Text-to-region grounding data:
[Start of Attachment]
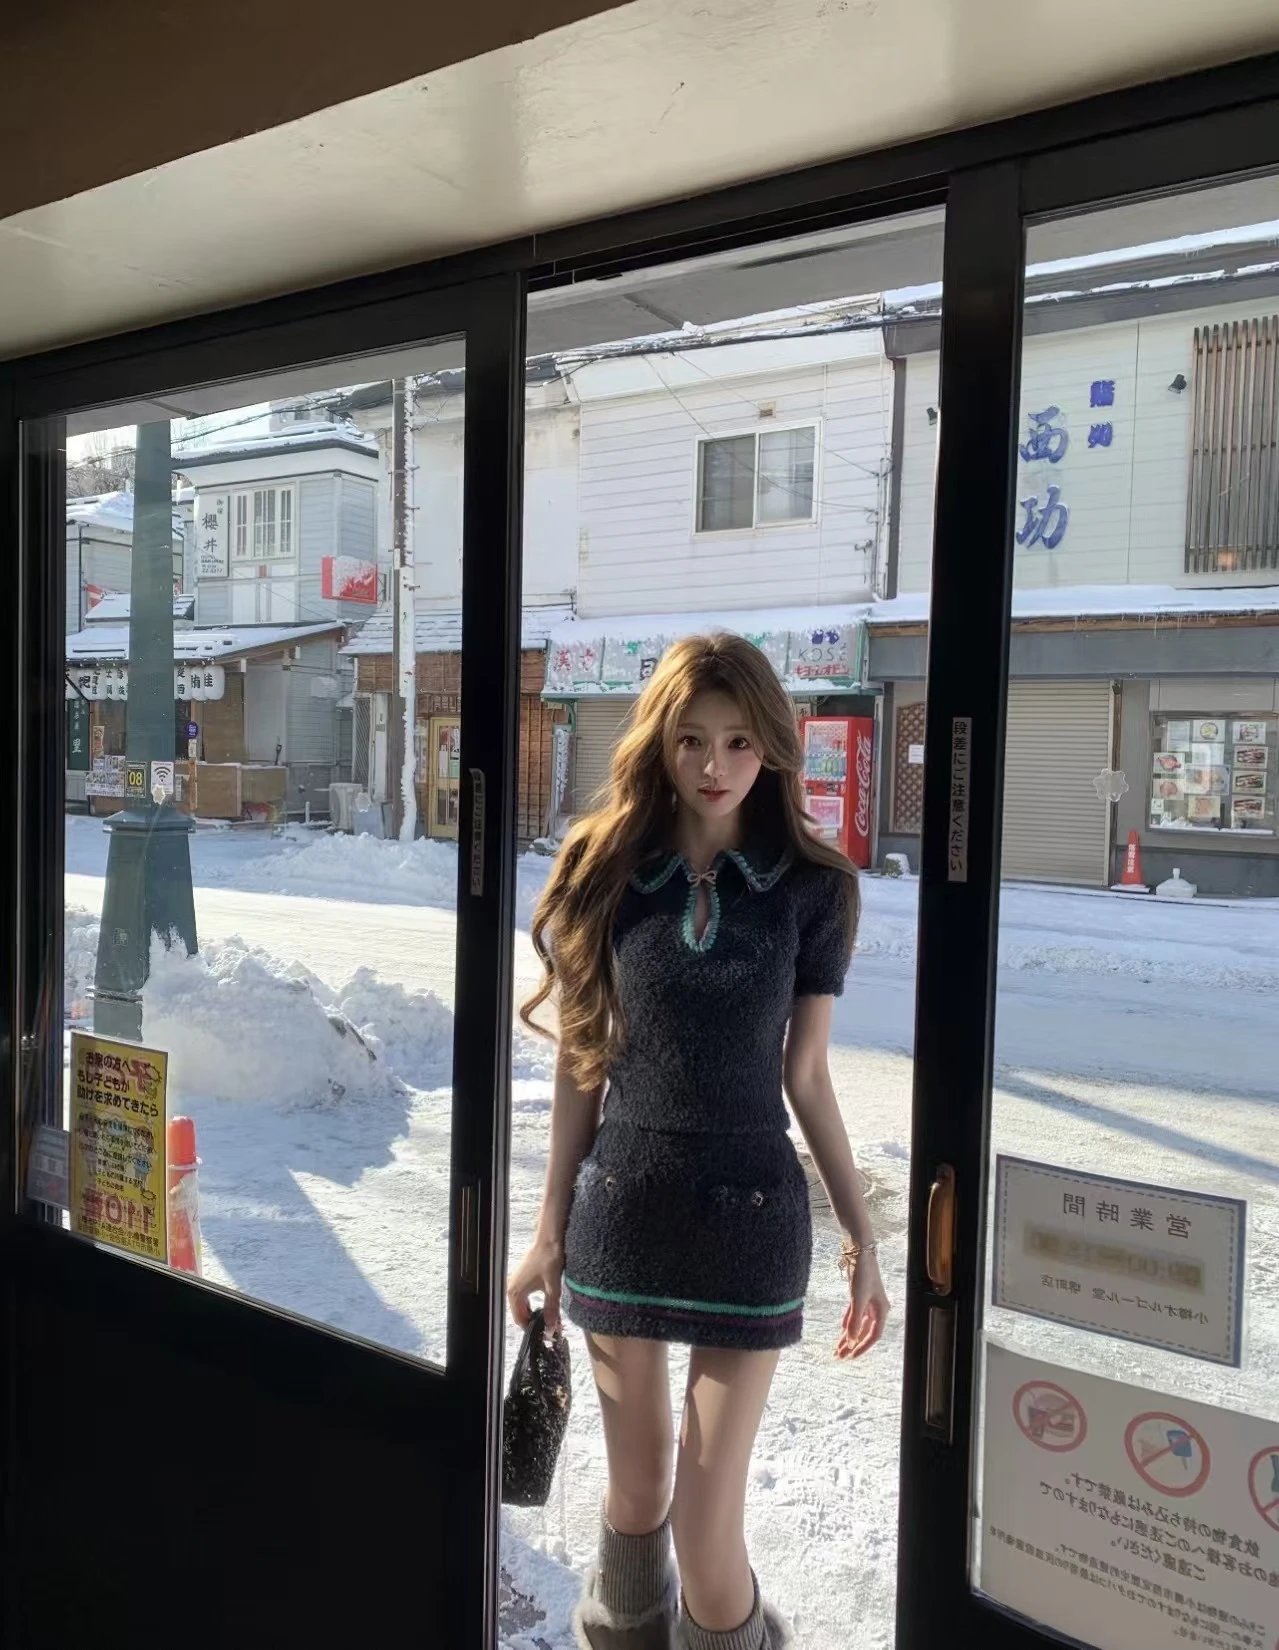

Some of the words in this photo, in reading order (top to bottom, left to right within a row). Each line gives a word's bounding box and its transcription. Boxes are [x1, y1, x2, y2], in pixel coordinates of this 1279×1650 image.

[202, 513, 218, 553] 櫻井
[129, 771, 143, 786] 08
[951, 721, 968, 872] 段差にご注意ください
[77, 1069, 129, 1092] もし子どもが
[77, 1085, 159, 1117] 助けを求めてきたら
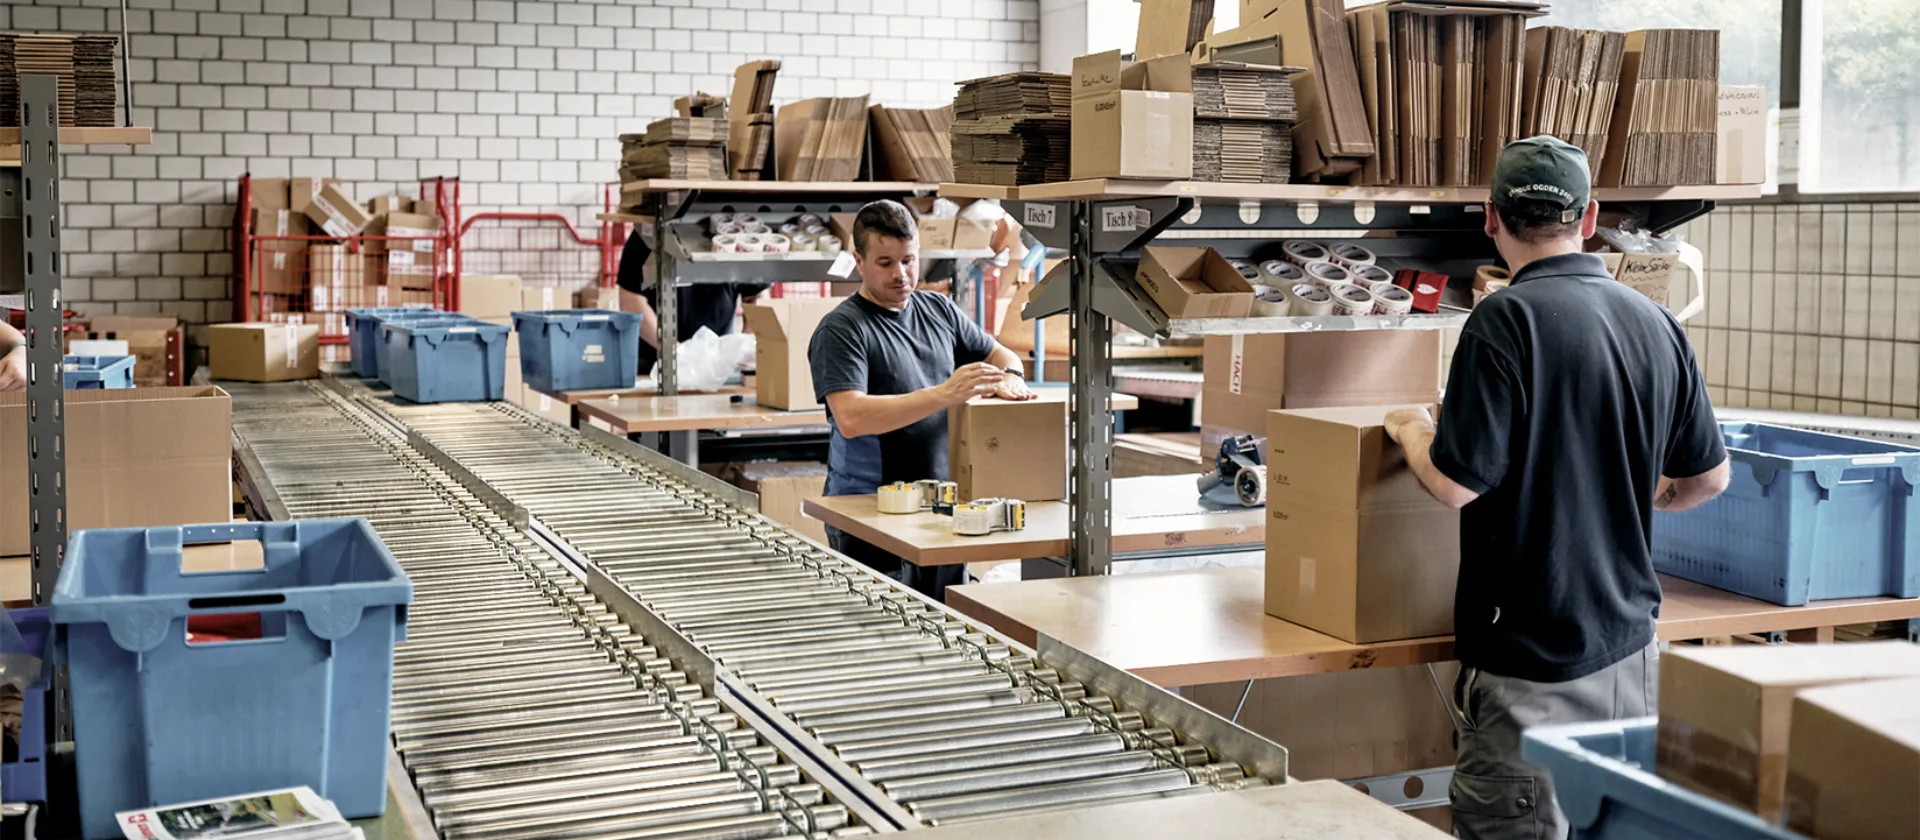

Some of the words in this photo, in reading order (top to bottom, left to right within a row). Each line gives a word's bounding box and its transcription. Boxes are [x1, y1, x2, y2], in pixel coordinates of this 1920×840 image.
[End of Attachment]
ASSIGNMENT: What the answer needs is every record above, exactly as written, and no pictures.

EXPECTED ANSWER:
Some of the words in this photo, in reading order (top to bottom, left to right within a row). Each line gives a word's bounding box and its transcription. Boxes are [x1, y1, x2, y2], in pixel coordinates of this 1279×1650 image.

[202, 513, 218, 553] 櫻井
[129, 771, 143, 786] 08
[951, 721, 968, 872] 段差にご注意ください
[77, 1069, 129, 1092] もし子どもが
[77, 1085, 159, 1117] 助けを求めてきたら

Some of the words in this photo, in reading order (top to bottom, left to right within a row). Each line gives a word's bounding box and its transcription. Boxes are [x1, y1, x2, y2], in pixel coordinates of this 1920×840 image.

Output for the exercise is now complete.